Let \(\vb{F} = \ev{M,N}\) a 2 dimensional flow field, and \(C\) a simple closed curve, positively oriented
4.2 Back
- Flux of \(\vb{F}\) across \(C\) \({\displaystyle = \oint_C M \dd{y} - N \dd{x}}\)
As \(\vu{n}\) points outwards, away from \(R\), the flux is positive where the flow is out of \(R\), flow into \(R\) counts as negative flux
Applying Green’s Theorem to the line integral
\({\displaystyle \oint_C M \dd{y} - N \dd{x} = \oint_C - N \dd{x} + M \dd{y} = \iint_R (M_x - (- N_y)) \dd{A} = \iint_R (M_x + N_y) \dd{A}}\)
5 How is the flow if the flux of \(\vb{F}\) across \(C\) is positive?
5.1 Front
How is the flow if the flux of $\vb{F}$ across $C$ is positive?
Let \(\vb{F} = \ev{M,N}\) a 2 dimensional flow field, and \(C\) a simple closed curve, positively oriented
5.2 Back
It’s away from \(R\)
As \(\vu{n}\) points outwards, away from \(R\), the flux is positive where the flow is out of \(R\), flow into \(R\) counts as negative flux
6 What is the two-dimensional divergence of \(\vb{F}\)
6.1 Front
What is the two-dimensional divergence of $\vb{F}$
Let \(\vb{F} = \ev{M,N}\)
6.2 Back
\({\displaystyle \text{div} \vb{F} = M_x + N_y}\)
It’s a scalar function of two variables
7 Which is the physical interpretation of \(\text{div} \vb{F}\)?
7.1 Front
Which is the physical interpretation of $\text{div} \vb{F}$?

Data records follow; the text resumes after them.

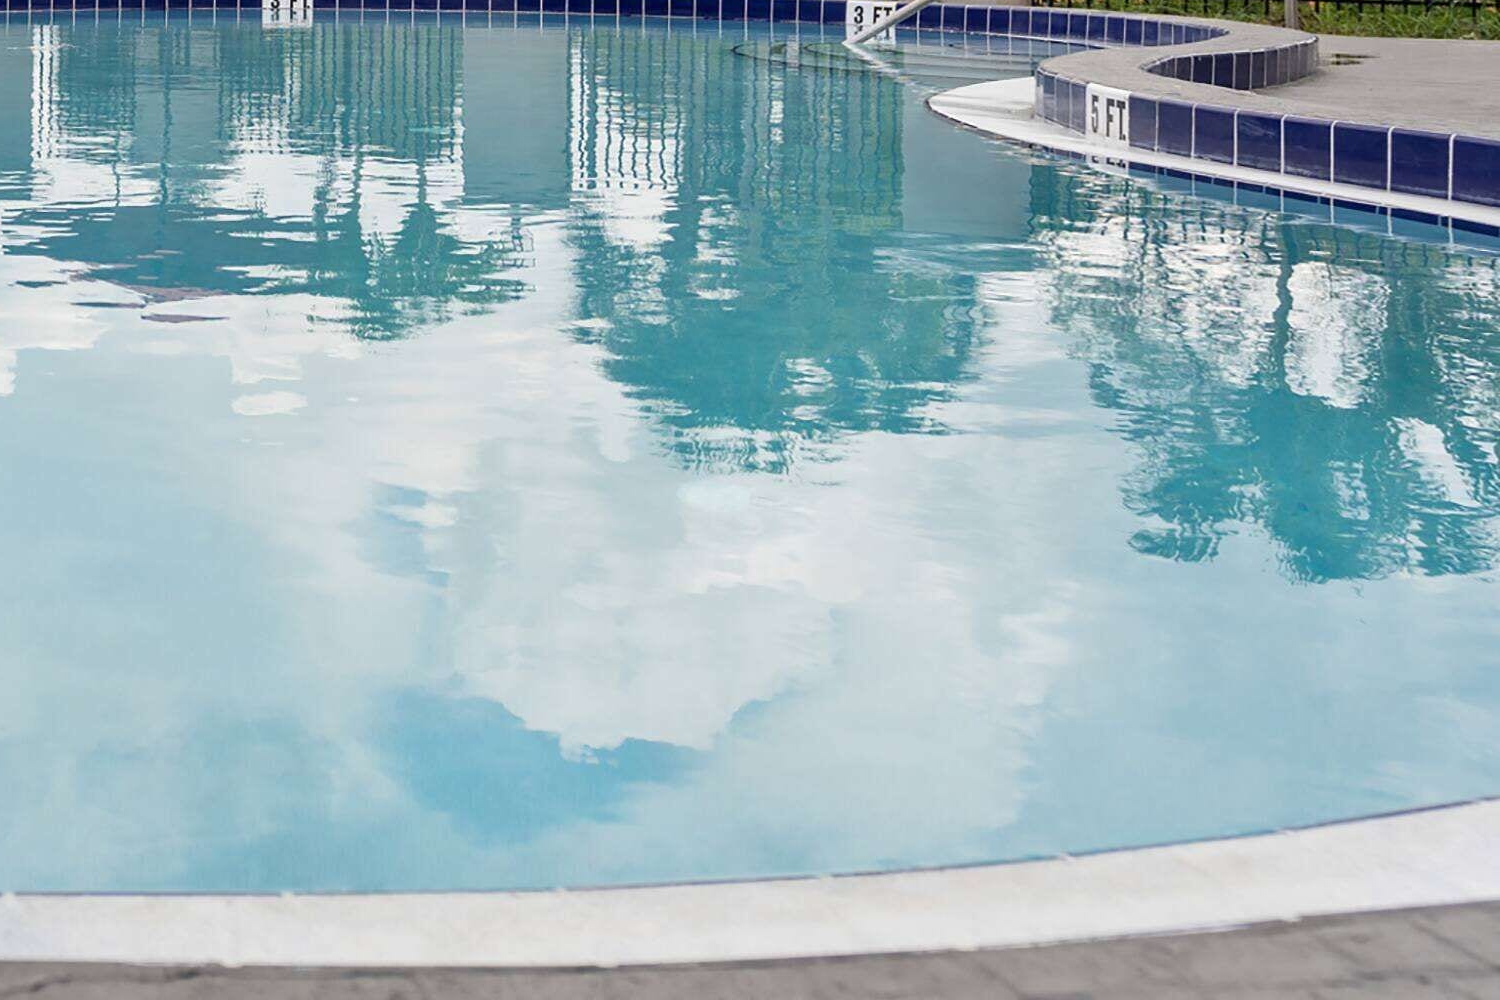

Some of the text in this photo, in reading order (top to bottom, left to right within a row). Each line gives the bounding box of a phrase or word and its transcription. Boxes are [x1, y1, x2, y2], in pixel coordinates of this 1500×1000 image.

[854, 6, 864, 24] 3
[1091, 94, 1126, 141] 5 FT.
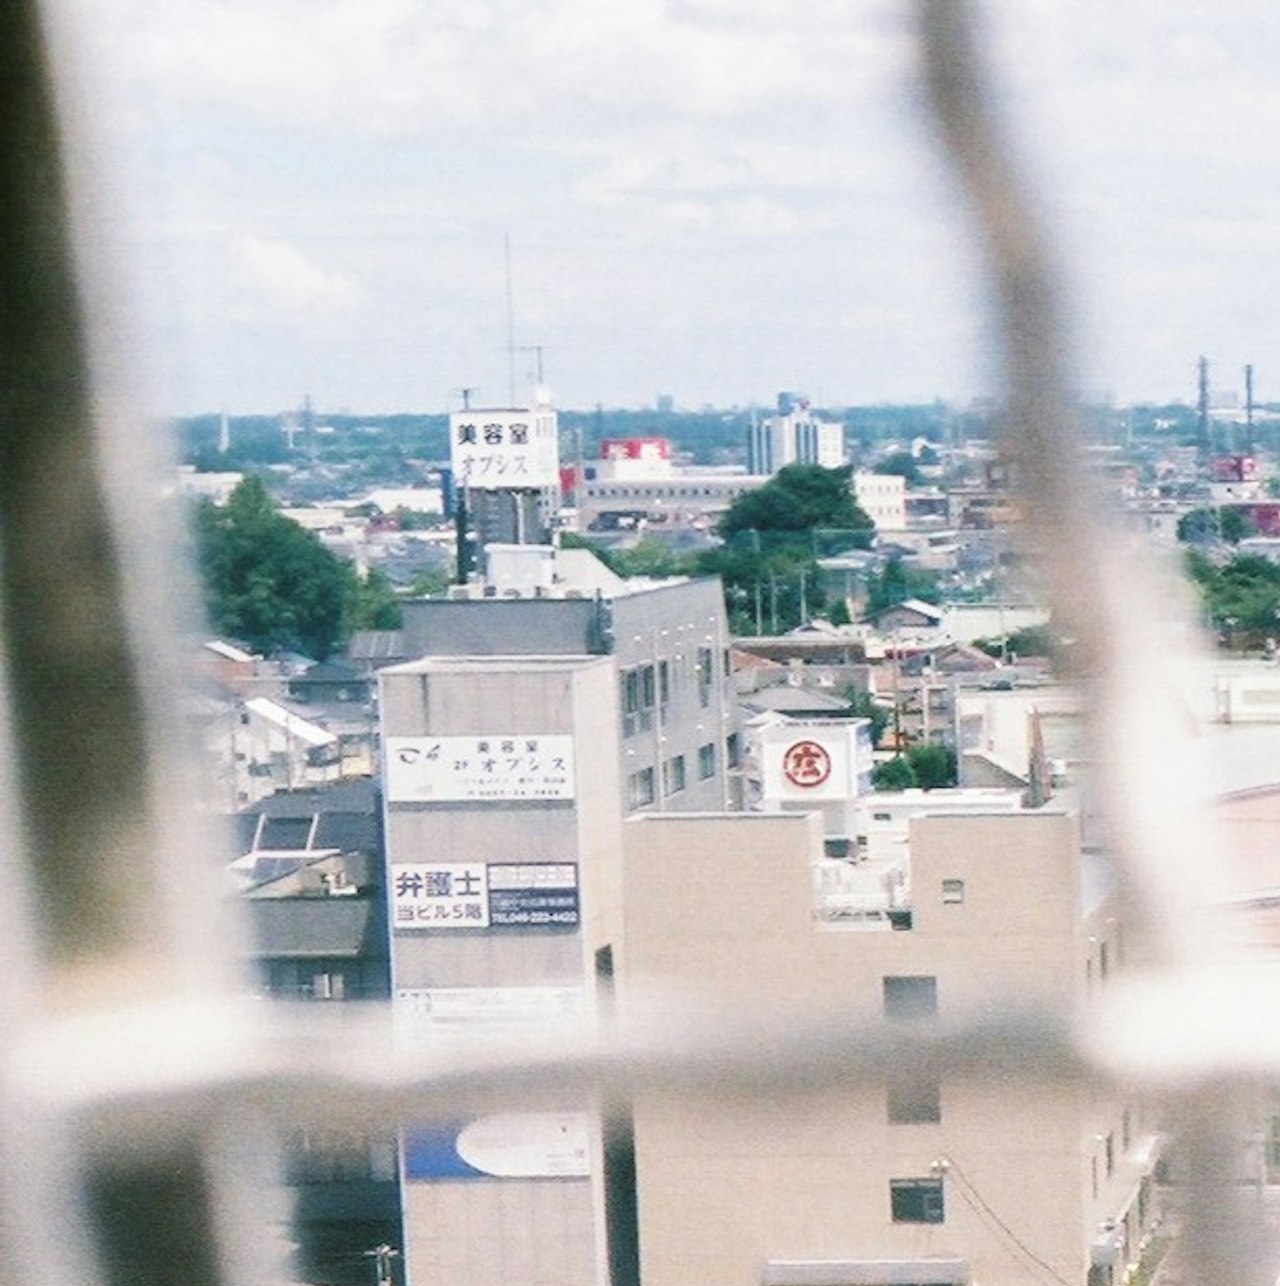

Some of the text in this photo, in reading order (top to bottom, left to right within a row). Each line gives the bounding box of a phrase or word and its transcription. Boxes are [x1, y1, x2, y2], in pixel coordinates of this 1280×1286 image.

[458, 423, 529, 445] 美容室
[396, 870, 481, 898] 弁護士
[397, 903, 482, 921] 当ビル5階

Let \(\vb{F}\) a flow field continuously differentiable
7.2 Back
If \(\vb{F}\) is continuously differentiable, then \(\text{div} \vb{F}\) is a continuous function. Looking at a small rectangle, the flux of \(\vb{F}\) across the sides of this rectangle is constant
For \({\displaystyle \iint_R \text{div} \vb{F} \dd{A}}\) is the flux across sides of rectangle
Calculating the flux over each side
- Flux across top: \(\approx (\vb{F}(x, y + \Delta y) \cdot \vu{j}) \Delta x = N(x,y+\Delta y) \Delta x\)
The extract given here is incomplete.